Part 7 - Seribu Tanya

2.5K 203 8
                                    

Jihan terlihat memasuki sebuah restoran di sekitar Rumah Sakit milik suaminya. Sebelumnya dia mendapat pesan dari sang sahabat yang memintanya bertemu disini. Tampak seorang wanita seusianya melambaikan tangan dan Jihan pun langsung menemuinya dengan ceria.

"Assalamualaikum Vem..kau menunggu lama ya ?" Jihan memeluk sahabatnya.

"Waalaikumsalam warahmatullah Ji..tidak terlalu lama kok, duduk Ji"

"Iya Vem..gimana kabarmu ?"

"Seperti yang kau lihat, sangat baik, kuharap kau pun begitu Ji ?" Mendengar itu, Jihan hanya tersenyum singkat.

"Kak Tauf, gimana kabar dia Vem ??"

"Ck kau ini, kalau misalkan mas Taufan tau kau masih memanggilnya seperti itu habis kau"

"Oh ayolah jangan kasih tau dia ya Veemm"

Jihan merengek seperti anak kecil, manja nya kambuh, sama seperti saat mereka masih Sekolah Menengah.
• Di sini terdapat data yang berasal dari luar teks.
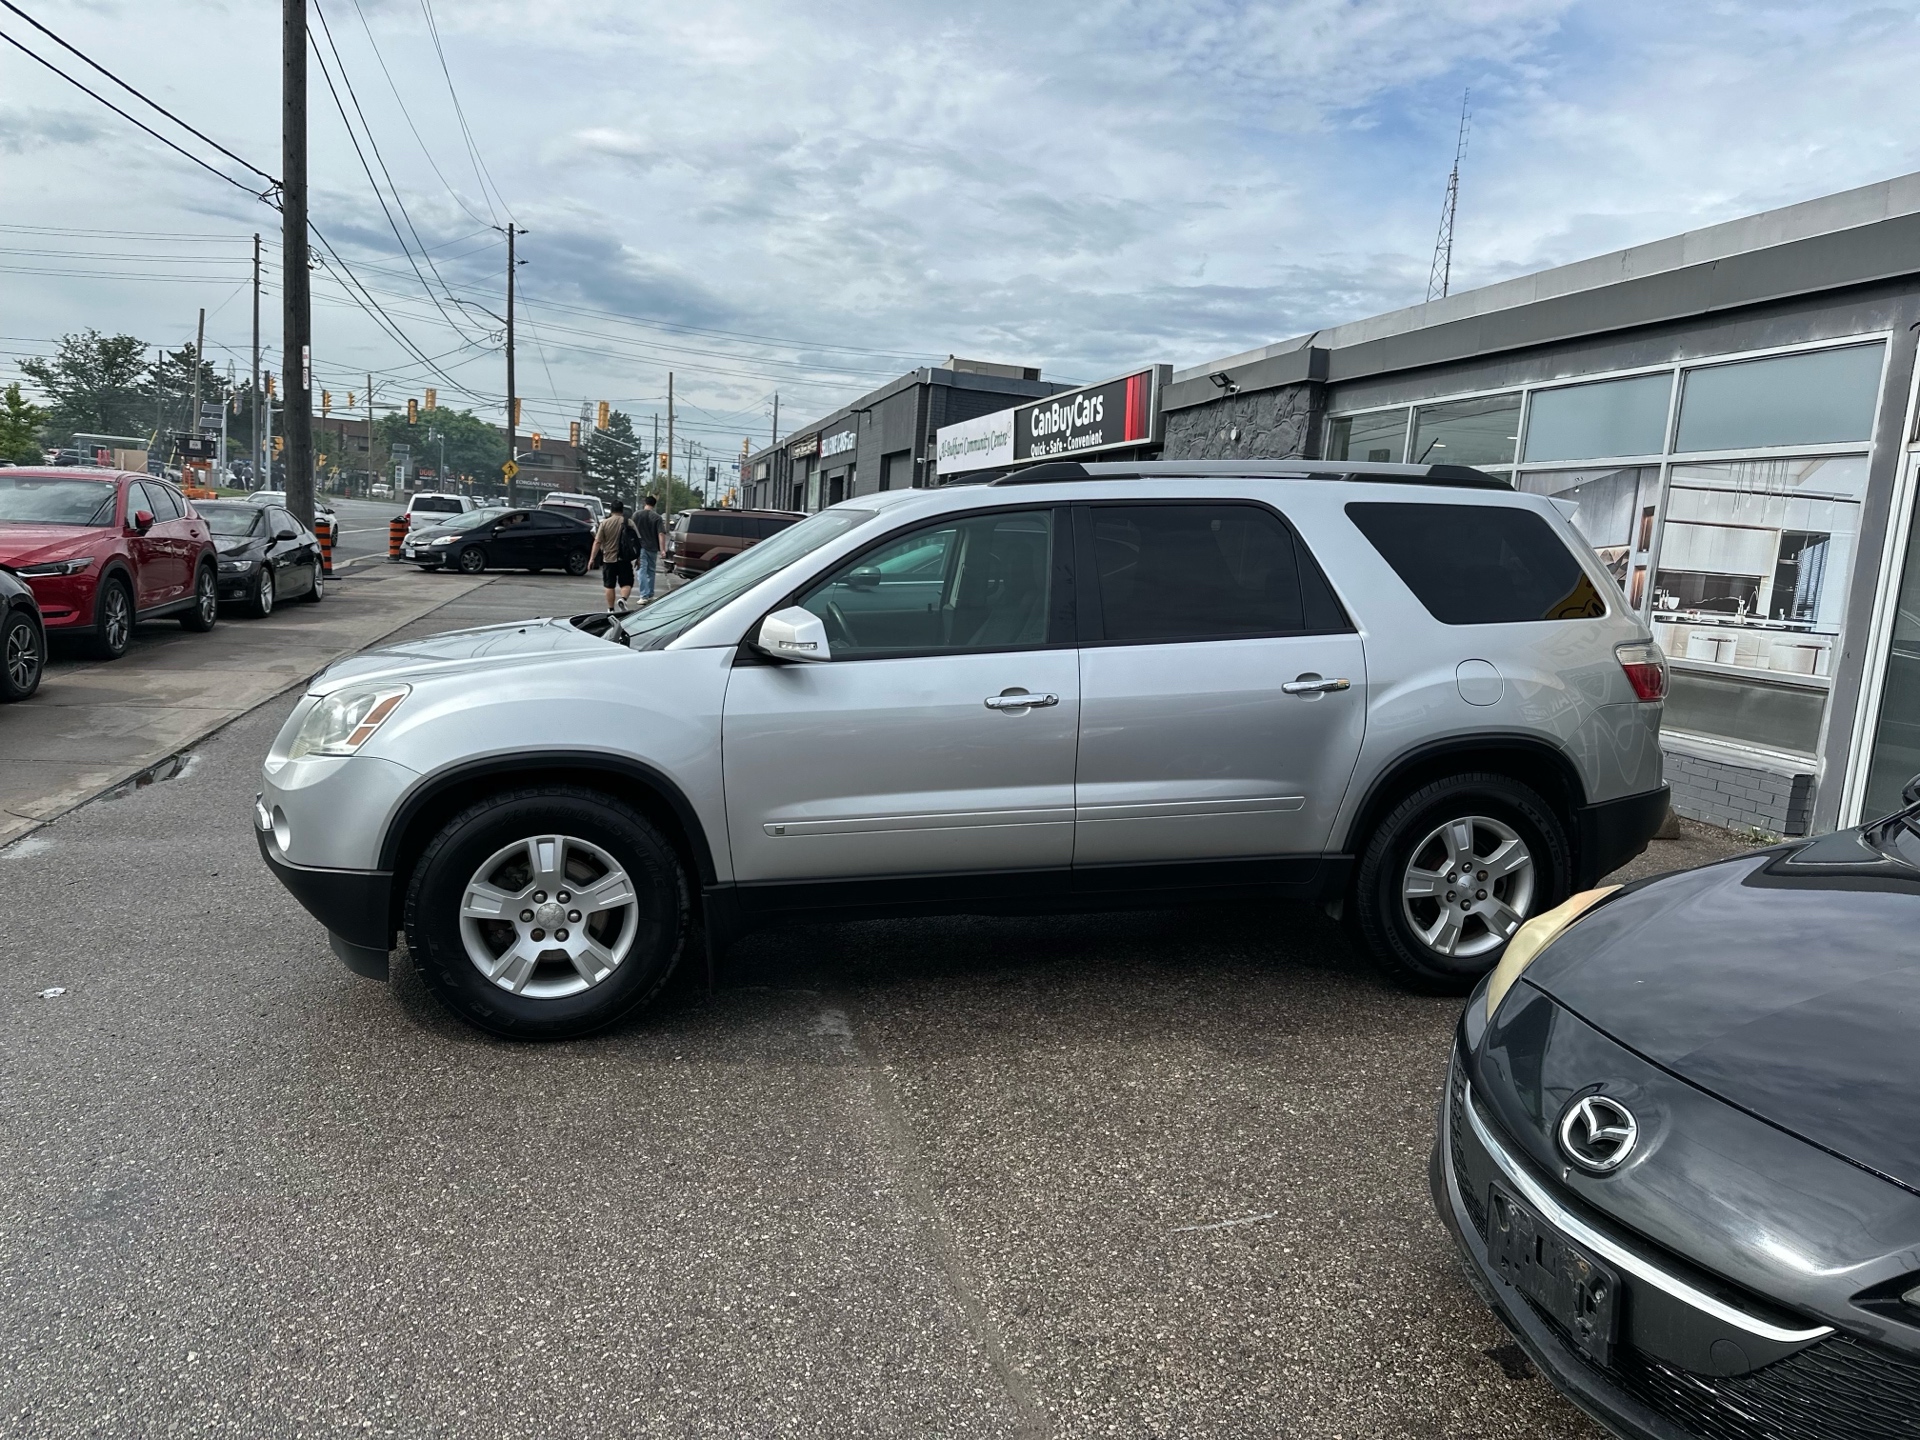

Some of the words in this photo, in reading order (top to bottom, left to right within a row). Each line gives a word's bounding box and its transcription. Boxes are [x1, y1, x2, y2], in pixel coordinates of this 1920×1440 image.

Dan seperti biasa Vemi hanya menggelengkan kepala melihat tingkah teman sebangkunya dulu.

"Mas Taufan sehat Ji, hanya saja dia selalu sibuk dengan dunia politiknya, kau tentu masih ingat kan apa impian dia sejak SMA ?"

"Menjadi Presiden ?"

"Hmm" sambil terkekeh geli.

"Hei jangan seperti itu..tidak ada yang tau soal takdir, aku selalu berdoa agar kau bisa aku panggil Ibu Negara dan kuharap Riyaz juga bisa menjadi menantu Presiden, aah bukan kah itu sangat luar biasa Vem ?"

"Semoga Allah mengabulkan mimpinya ya Ji dan...soal anak-anak, aku minta maaf, jujur aku baru tau, Raena baru memberi tauku kemarin malam, tak kusangka dia bisa bertindak segegabah itu"

"Tidak apa Vem, awalnya Riyaz juga terlihat kecewa, tapi sekarang dia sudah mulai bisa menerima, kita harus menghargai keputusan Raena, aku yakin dia punya alasan kuat"

"Tapi menurutku alasannya begitu sepele, dia hanya terlalu egois, dia selalu ingin orang-orang disekitarnya sepihak dengannya, Raena benci perbedaan, aku hanya tidak habis pikir Ji..aku tidak pernah mengajarinya menjadi manusia egois, padahal kau tau sendiri kan, Riyaz adalah kriteria menantu idamanku, sejak SMA pun kita sering mengkhayal seperti apa jadinya jika kita berbesanan"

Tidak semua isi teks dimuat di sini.